▸ **Exercise requirements**
Reproduce the records below in full and exactly, without their images.

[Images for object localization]
————

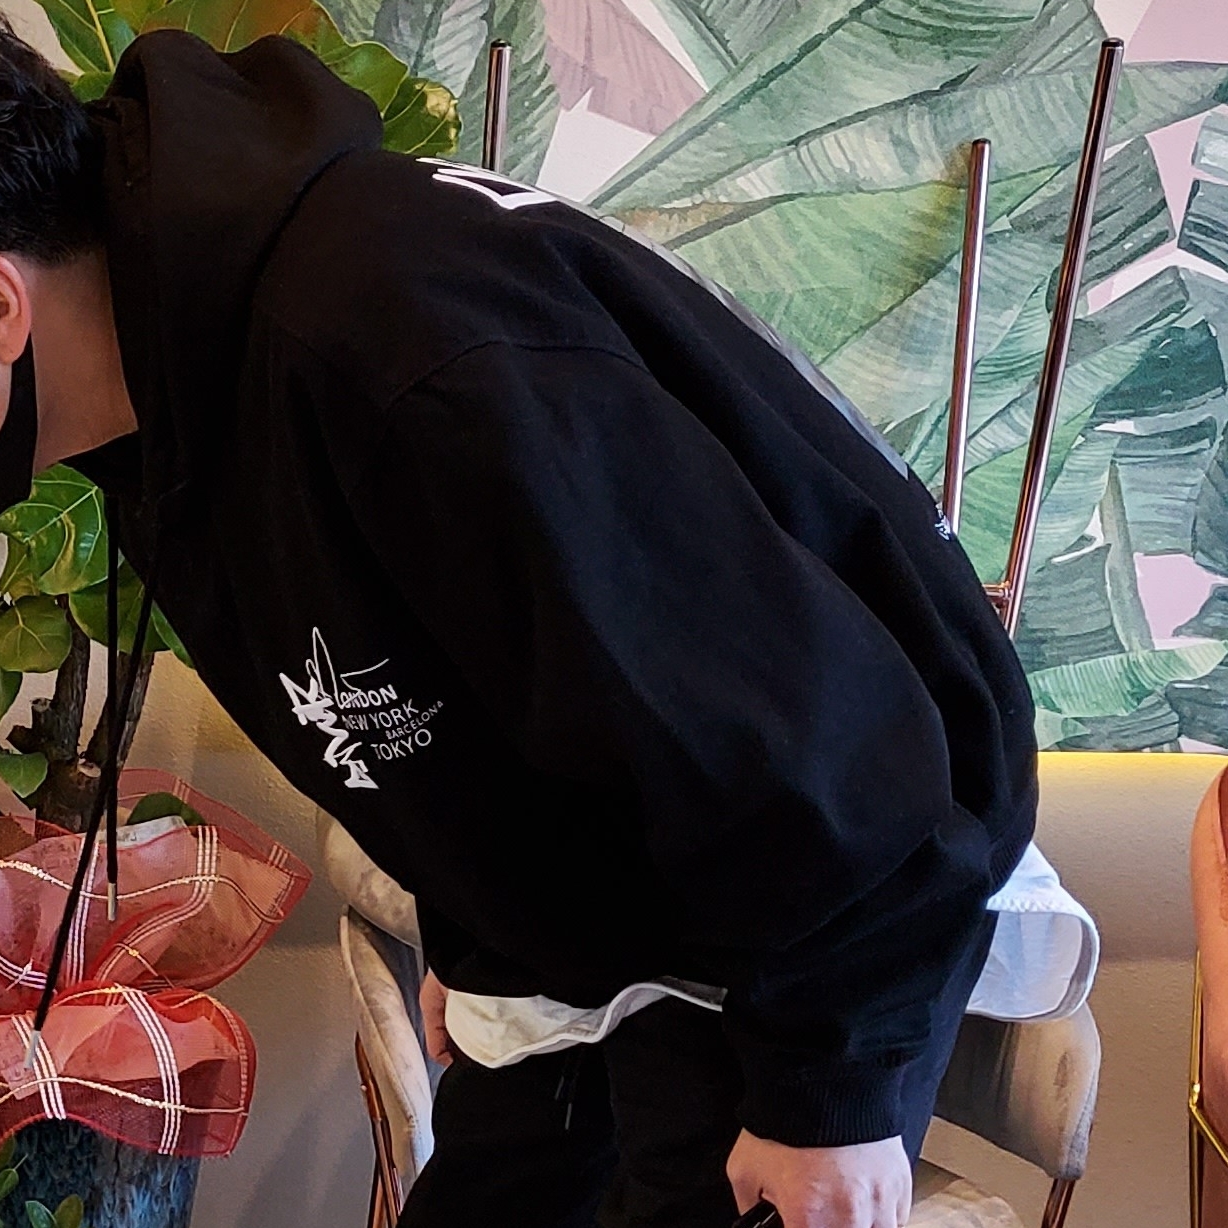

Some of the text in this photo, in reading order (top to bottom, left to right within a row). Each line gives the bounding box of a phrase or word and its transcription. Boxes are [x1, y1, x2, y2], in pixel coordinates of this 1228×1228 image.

[337, 684, 398, 709] LONDON
[342, 698, 419, 730] NEW YORK
[385, 700, 444, 740] BARCELONA
[370, 728, 432, 760] TOKYO

————

▸ **Response to this task**
Some of the text in this photo, in reading order (top to bottom, left to right within a row). Each line gives the bounding box of a phrase or word and its transcription. Boxes are [x1, y1, x2, y2], in pixel coordinates of this 1228×1228 image.

[337, 684, 398, 709] LONDON
[342, 698, 419, 730] NEW YORK
[385, 700, 444, 740] BARCELONA
[370, 728, 432, 760] TOKYO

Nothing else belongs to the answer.